« Ne le menacez jamais » : l’avertissement sans détour d’une éducatrice Montessori fait froid dans le dos
Lorsque votre enfant refuse d’obéir, il est tentant de recourir aux menaces pour obtenir une réaction rapide. Pourtant, cette stratégie, très répandue chez les parents, peut s’avérer contre-productive.
Dans une vidéo publiée le 25 novembre 2025 sur son compte Instagram, Claudia (spécialiste de la méthode Montessori) explique pourquoi menacer son enfant n’enseigne ni l’écoute ni la discipline… et surtout pourquoi les parents ne doivent pas culpabiliser.
Pourquoi les menaces ne fonctionnent pas
Selon Claudia, menacer un enfant ne favorise en aucun cas la discipline.

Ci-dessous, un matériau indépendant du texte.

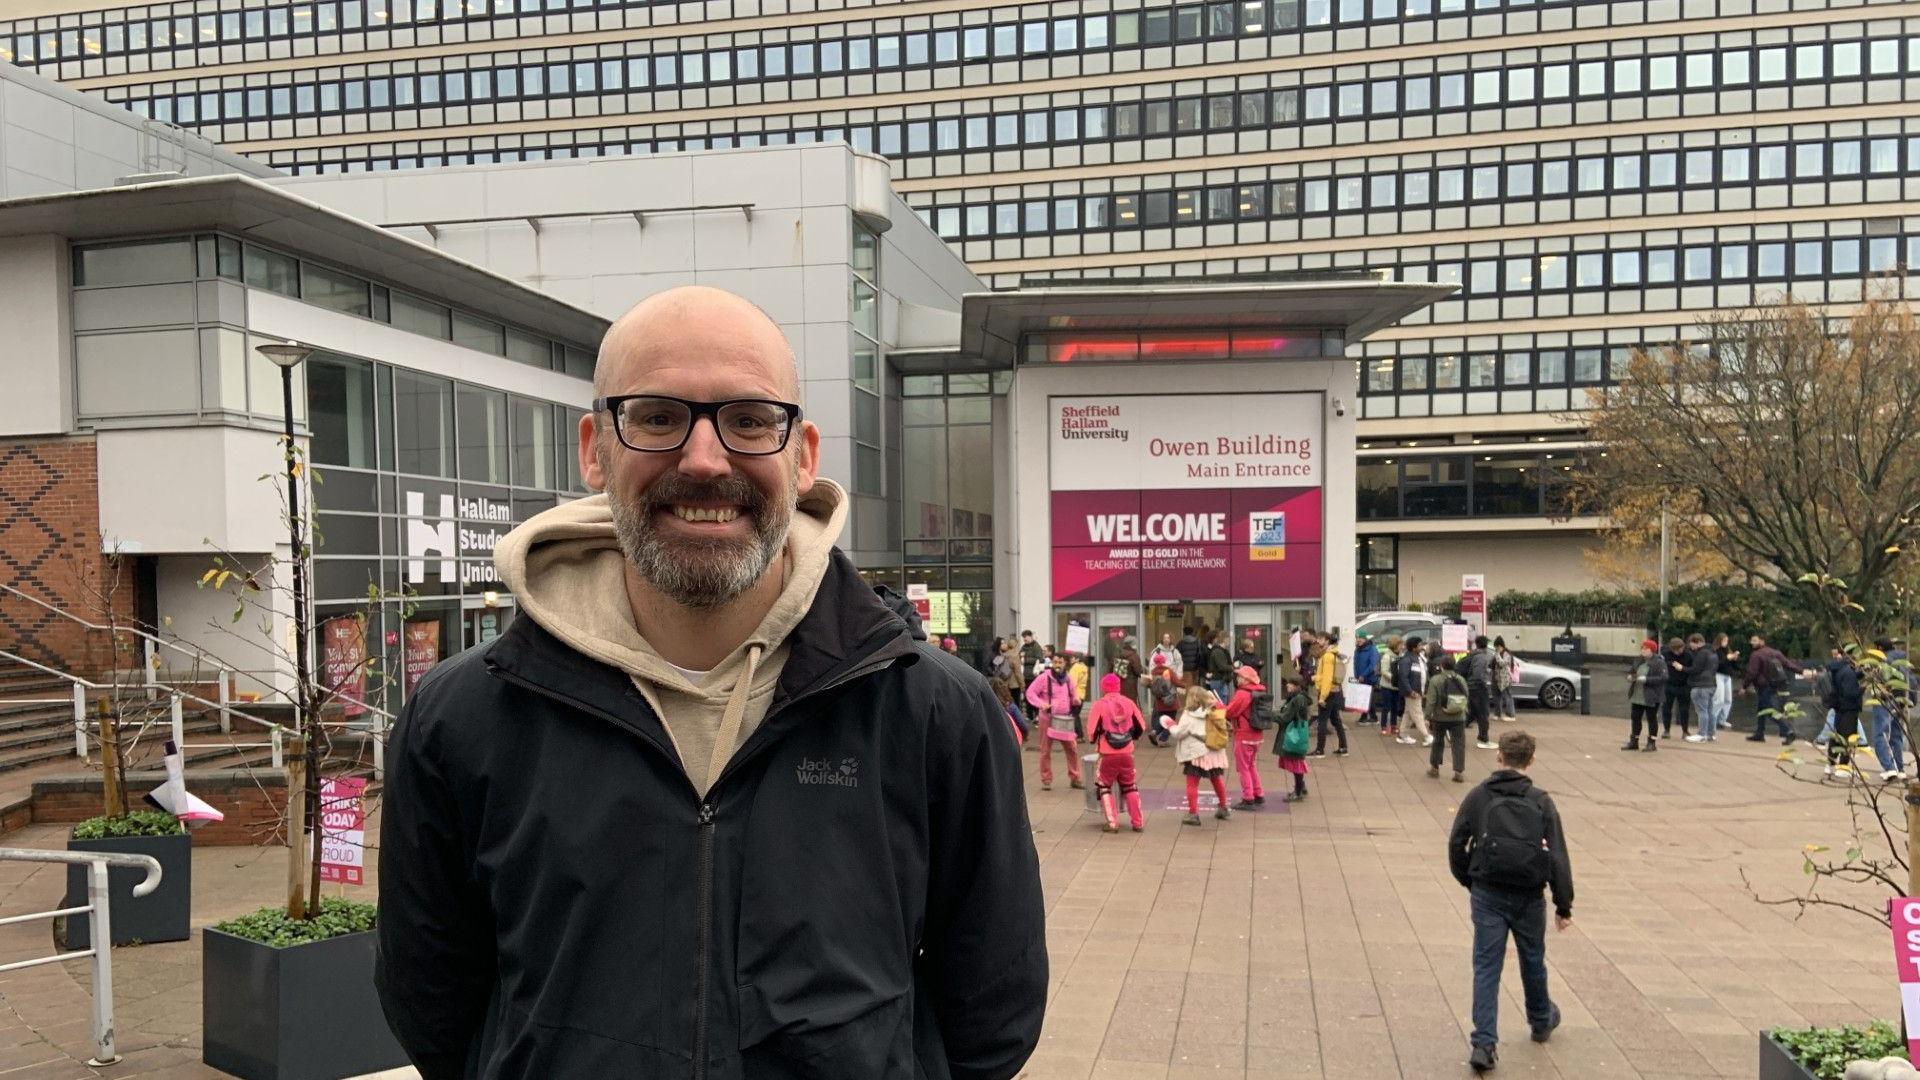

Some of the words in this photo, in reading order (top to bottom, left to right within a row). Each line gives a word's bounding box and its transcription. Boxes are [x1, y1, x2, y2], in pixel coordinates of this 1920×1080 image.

Au contraire, cela active un mécanisme naturel : la peur. Lorsqu’un parent menace, “le cerveau de l’enfant passe simplement en mode survie”, explique-t-elle. Ce système de défense provoque un gel immédiat : le corps se fige, l’esprit se coupe du raisonnement.
Dans ce contexte, l’enfant n’est pas en train d’ignorer volontairement l’adulte. Il n’agit ni par défi ni par entêtement. Son cerveau est tout simplement incapable de traiter l’information ou d’écouter calmement. Cette réaction, typique lorsque les enfants se sentent effrayés, montre qu’ils ne sont pas dans un état d’apprentissage.
Claudia précise également un risque majeur : si le parent ne met pas sa menace à exécution, “l’enfant apprend que les mots ne signifient pas grand-chose”. Les menaces perdent alors leur efficacité et détériorent la relation de confiance.
Remplacer la peur par un cadre sécurisant
Plutôt que d’imposer la discipline par la peur, la spécialiste Montessori recommande une approche plus constructive. L’idée n’est pas de renoncer aux limites, mais de les maintenir sans activer la peur.
Claudia conseille par exemple, face à un enfant qui refuse de ranger ses jouets, d’éviter la menace classique : « Si tu ne ranges pas, je jette tous tes jouets ». Une telle phrase crée de l’angoisse sans enseigner la responsabilité.
À la place, elle propose une formulation qui préserve la limite tout en apportant sécurité et cohérence :
« Tes jouets doivent être rangés avant le dîner. S’ils sont encore sortis, je les mettrai dans le panier et je les garderai jusqu’à demain. »
Avec cette méthode, l’enfant comprend que les choix entraînent des conséquences, sans pour autant ressentir de peur ou de rejet. Le parent devient alors un guide, pas une source de menace.
Des limites claires pour une relation apaisée
En suivant cette approche, l’adulte montre qu’il pense ce qu’il dit, que les règles sont constantes et que l’amour demeure intact même lorsque les choses ne se passent pas comme prévu.
Cette cohérence renforce le sentiment de sécurité chez l’enfant et l’aide à développer une véritable autodiscipline. Au lieu de réagir à la peur, il apprend à analyser les situations, à anticiper les conséquences et à grandir dans un climat de confiance.
Pour Claudia, cette méthode est bien plus qu’un simple conseil éducatif : c’est une manière d’accompagner l’enfant dans son développement émotionnel tout en préservant une relation parent-enfant saine et constructive.